On Thu, Jul 2, 2026 at 3:09 PM Simon Glass <sjg@chromium.org> wrote:

> For Mediatek specifically, I am hoping to eventually upstream support
> for a load-only FIT (the spec supports it) so that you can load the DT
> from a firmware partition, then still boot the OS (without a DT). This
> works with FIT, but would need adjustment if the OS is actually an EFI
> app.
>
> I wrote a post about this challenge:
>
> https://www-concept.deinde.dev/blog/devicetree-in-firmware-or-packaged-with-the-os/

Well, this is convenient because your suggestion converges nicely with
where this work has gone since I posted the RFC (I was ready to send
out a V2 soon-ish).

v2 of this design replaces the environment-described file set with a
FIT manifest carried on the firmware partition itself: the FIT images
hold the base DTB and the overlays, and each FIT configuration names
one bootable combination through the standard 'fdt' property.

Not exactly sure what you mean with “load-only” but there no kernel in
it, the assembled devicetree is handed to the EFI app via the
configuration table.

v2 is implemented and validated on (my) hardware; I will post the
updated RFC shortly. Some of your comments below are already addressed
by it, noted inline.

> > The *location* is described in the control devicetree. The bootstd node carries
> > a `firmware-fdt-source` phandle to a node that is a child of the media device
> > that owns the partition, and identifies the partition by GPT type UUID and/or
> > name:
> >
> >         bootstd {
> >                 compatible = "u-boot,boot-std";
> >                 firmware-fdt-source = <&fw_fdt>;
> >         };
> >
> >         &mmc0 {
> >                 fw_fdt: firmware-fdt {
> >                         compatible = "u-boot,firmware-fdt-block";
>
> Does the -block suffix indicate that it is a block device, rather than
> a filesystem? How does this cope with the fast where multiple DTs are
> provided for different models?

The suffix names the backend: this one is a block device with a GPT
partition holding a filesystem. It leaves room for sibling backends
later, e.g. an UBI/MTD variant for NOR-based boards, which some
MediaTek platforms would need. I will spell that out in the binding
text.

Multiple models are the manifest's job in v2: one FIT configuration
per model/SKU, so the per-model knowledge lives with the devicetrees
it describes and is updated atomically with them.

> >                         partition-type-uuid = "....";   /* GPT type UUID */
> >                         partition-name = "firmware";    /* optional */
> >                         extra-size = <0x3000>;          /* overlay headroom */
>
> This seems like a parameter which would be better handled by U-Boot itself?
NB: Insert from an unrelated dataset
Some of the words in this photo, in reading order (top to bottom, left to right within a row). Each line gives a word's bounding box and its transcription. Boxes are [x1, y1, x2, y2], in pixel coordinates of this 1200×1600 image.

Yup, and it is gone in v2.

> >   - the control DT describes the source and the partition policy;
> >   - the board default environment carries factory defaults for the static values
> >     (`fdtfile` and `dtb_path` for the base DTB, and the `fdt_addr_r` /
> >     `fdtoverlay_addr_r` working addresses), so a from-source build boots and
> >     `env default` restores a loadable configuration;
>
> I wish we could move away from filenames and use compatible strings
> instead, as FIT does - this is how the FDT spec is written.
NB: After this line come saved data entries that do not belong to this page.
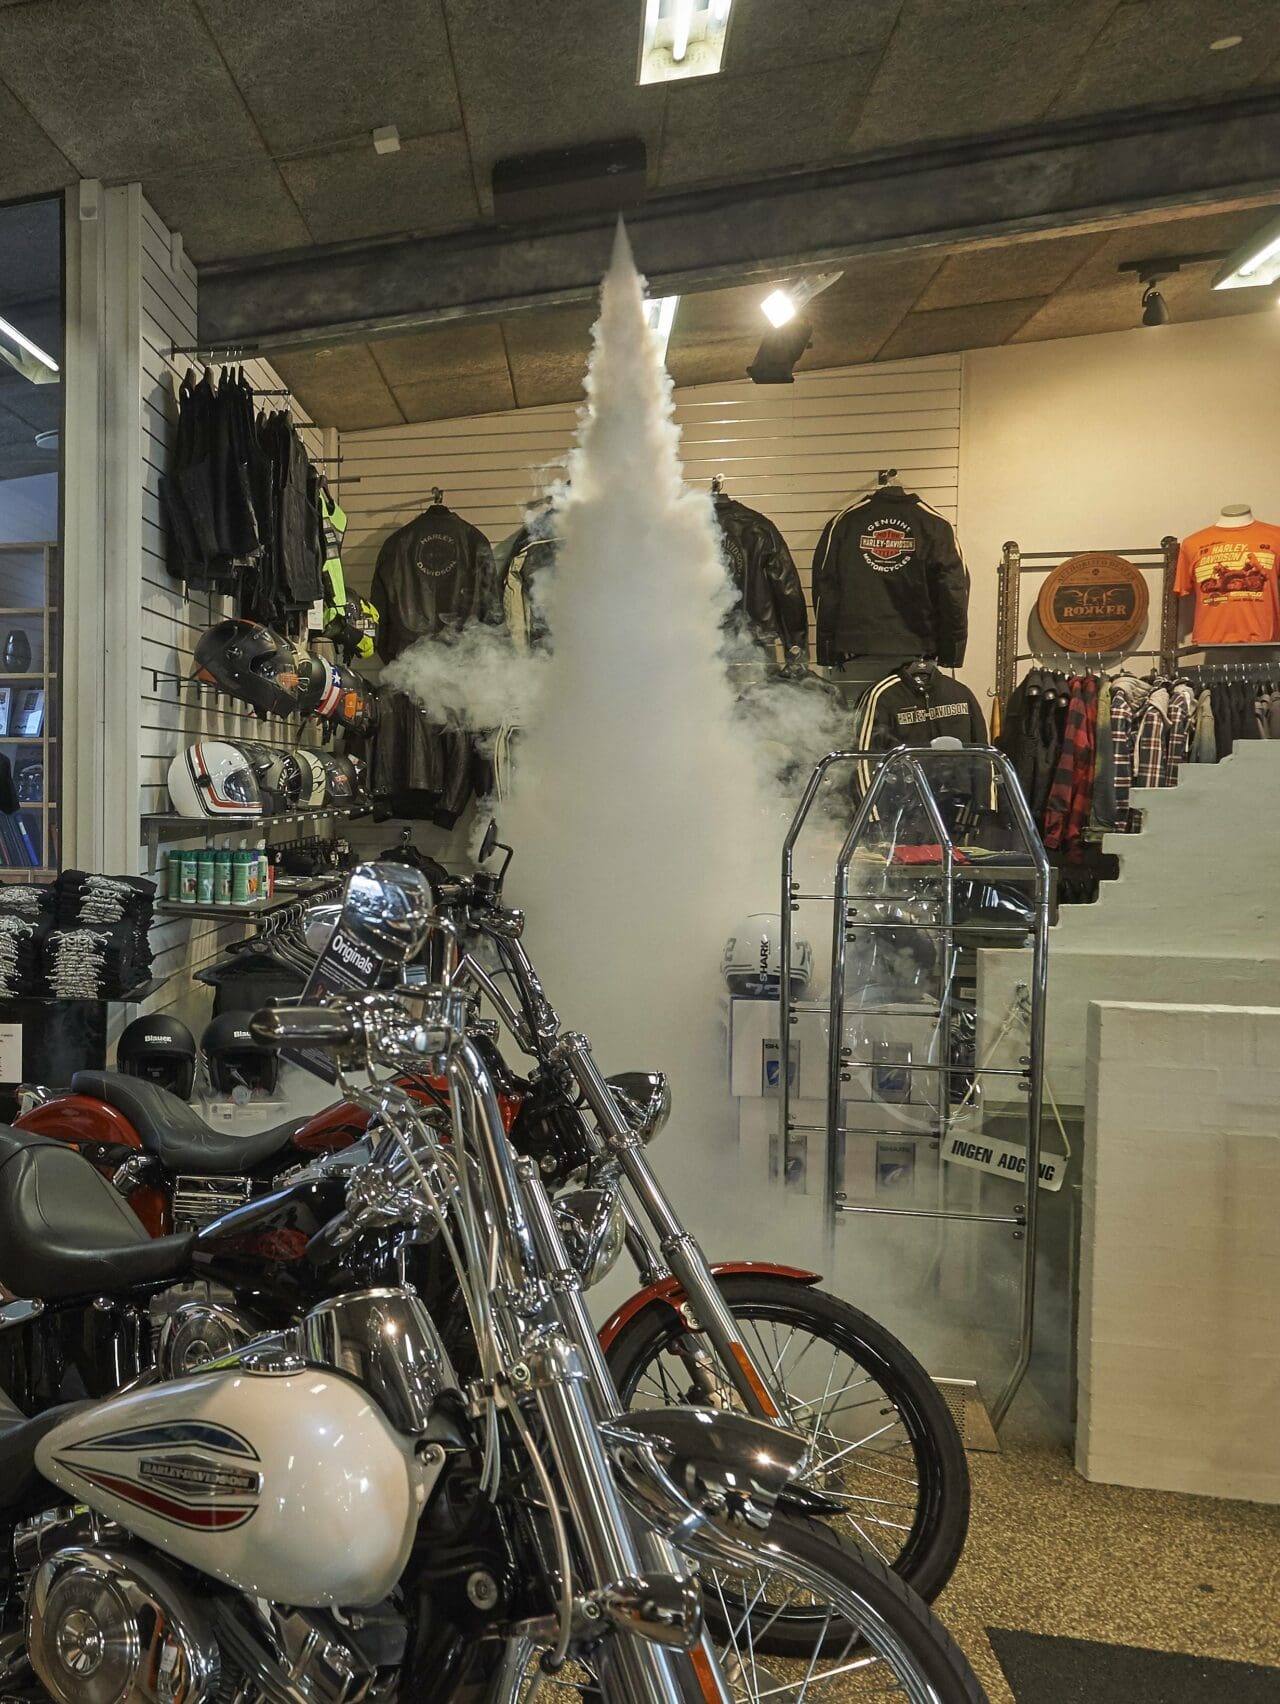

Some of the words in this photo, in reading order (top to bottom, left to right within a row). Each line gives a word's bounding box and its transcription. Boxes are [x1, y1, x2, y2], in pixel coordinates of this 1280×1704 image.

[862, 538, 913, 549] HARLEY-DAVIDSON
[863, 552, 912, 573] MOTORCYCLES
[331, 934, 374, 975] Originals
[759, 940, 769, 982] SHARK
[951, 1139, 994, 1165] INGEN
[997, 1153, 1056, 1181] ADGNG
[143, 1462, 251, 1489] HARLEY-DAVIDSON
v2 does this. 'fdtfile' and 'dtb_path' are gone leveraging
FIT_BEST_MATCH. The only filename left is the manifest container
itself (fdt.itb by default), which is a fixed convention (we can
change it of course, I don't have a strong imagination).

> > each installing the result through `efi_install_fdt()`. That is the convergence
> > point all EFI launches pass through, so the firmware devicetree is installed
> > regardless of how the EFI application was started, including the boot-manager
> > autoboot path that SystemReady IR uses.
>
> What if you run GRUB?

Not sure I 100% got this objection but it is not very special I guess,
the firmware devicetree is installed into the EFI configuration table
before the EFI app starts, GRUB does not touch it, and the kernel's
EFI stub picks it up
from the table (as long as GRUB does not install a different DTB at that point).

> >   5. Should the signed-FIT verification be part of this series or a follow-up?
>
> You likely get this for free, so I suggest including it.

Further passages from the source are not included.